Have you ever felt your world was crashing in on you? No matter how hard you try, you constantly seem to end up on a dead end?
You find yourself starting to make decisions based on fear. But what if feelings of fear and stepping across a new frontier go hand in hand?
It has taken me awhile to write again, because we are crossing a new frontier.
I questioned myself often why would I write so publically, the intimate details of our life. Our struggles, pain, joy, and love. My mind tells me I should keep this all private. Every time I hit the publish button on my blog, I want to throw up. Crawl in a hole, curl up in a ball, and hide. Cry till my eyeballs have no more tears. It is very uncomfortable for me to do this. But one thing I have learned in life, is growth can only take place when you are really uncomfortable.
And the same answer that will not make logical sense comes to me. 2 ½ years ago, I woke in the middle of the night, with a voice speaking to me. “Sarah write.”
I made a promise to my family, myself, and most importantly God that I would not write out of anger, revenge, frustration, or pity. Instead complete trust. Faith. For only a mustard seed of faith can move a mountain. So when I don’t write, know that I’m in deep reflection and prayer with
the Creator of the universe.
What is Derek’s update?
This was the struggle. When I sat down to write, a whole lot of anger wanted to surface. How do I write the most frustrating and heartbreaking journey without great grief, anger and bitterness?

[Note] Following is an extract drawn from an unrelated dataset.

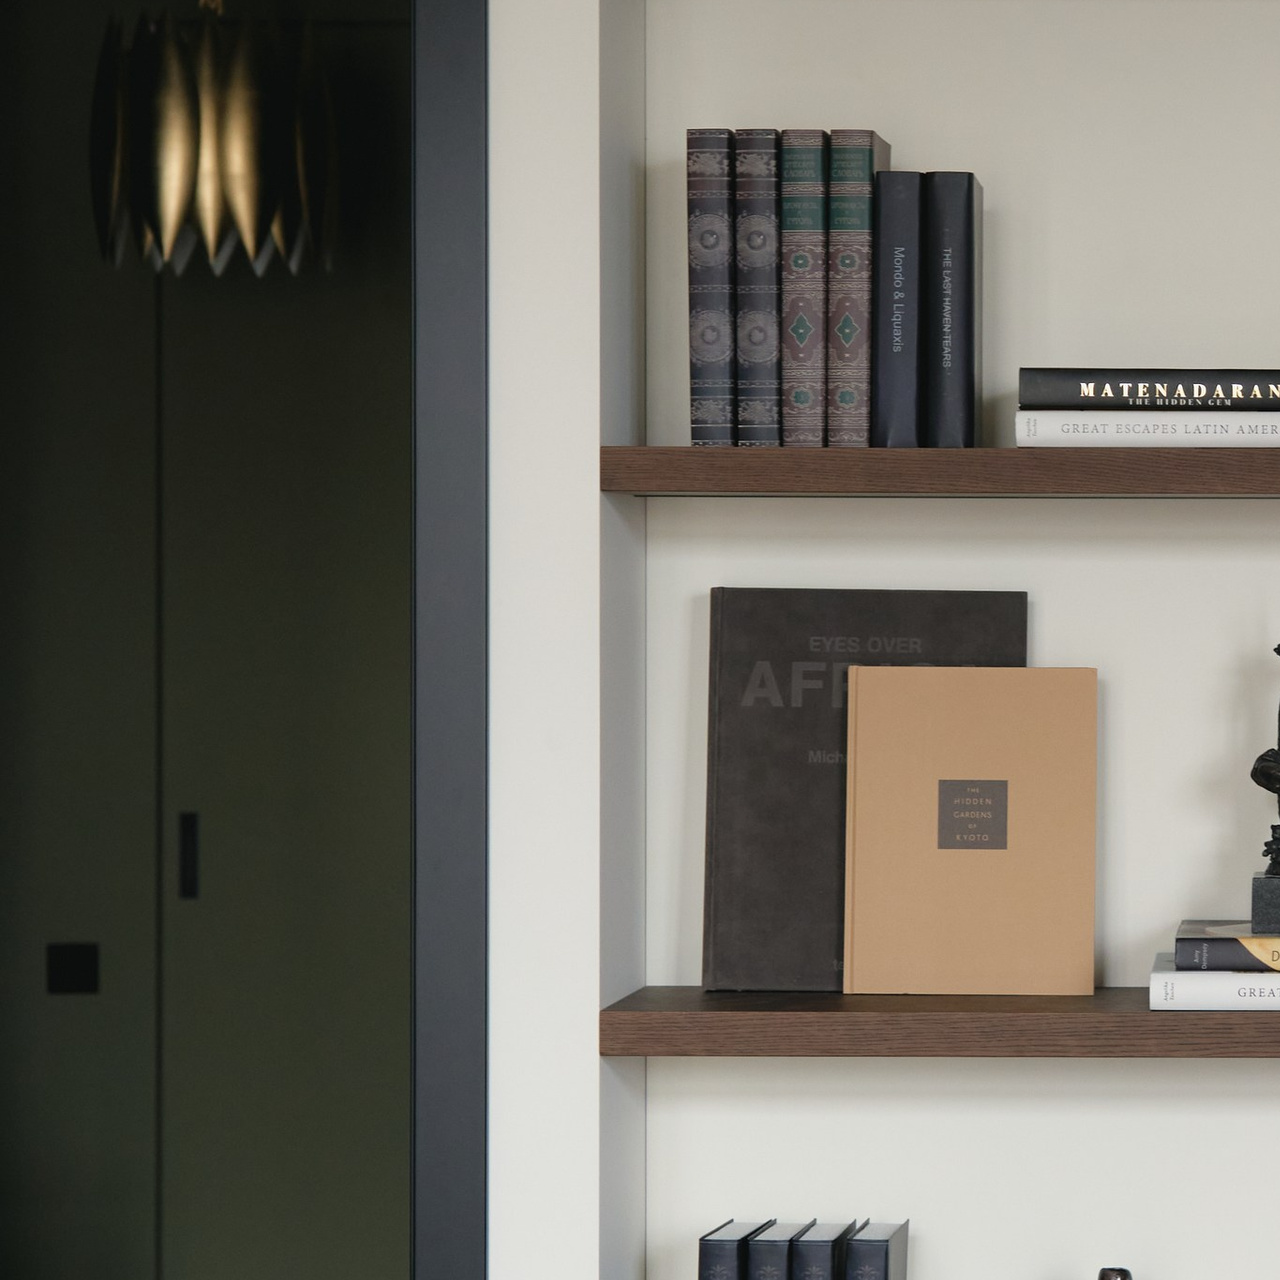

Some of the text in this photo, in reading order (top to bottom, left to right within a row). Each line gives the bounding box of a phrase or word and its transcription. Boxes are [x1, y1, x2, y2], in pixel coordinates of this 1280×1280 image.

Because the beauty that unfolds during the tough times is what matters most. Forgiveness. Trust. Belief. My hope is that the time I pour into writing our journey, it sheds light for other patients and their advocates. Encourage others, that no matter what you face in life,
happiness is not a destination but a choice.
You are not alone.
This battle called life is not to be fought by you.
Let God fight on your behalf.
On the recent trip to Florida, I had the privilege to sit next to a woman on our flight who works for the State of Wisconsin Health Department. Our conversation was remarkable. A divine appointment indeed. She validated what I had been struggling with for the past four years. Americans think they have great insurance until they get sick. It’s something that we will all face and effect every single person.
It’s only a matter of time.
The system we have in place is taking advantage of the ill and suffering. Downright disturbing.
We live in America. The land of freedom. Shouldn’t we have the freedom to go to any doctor in the medical field within our country?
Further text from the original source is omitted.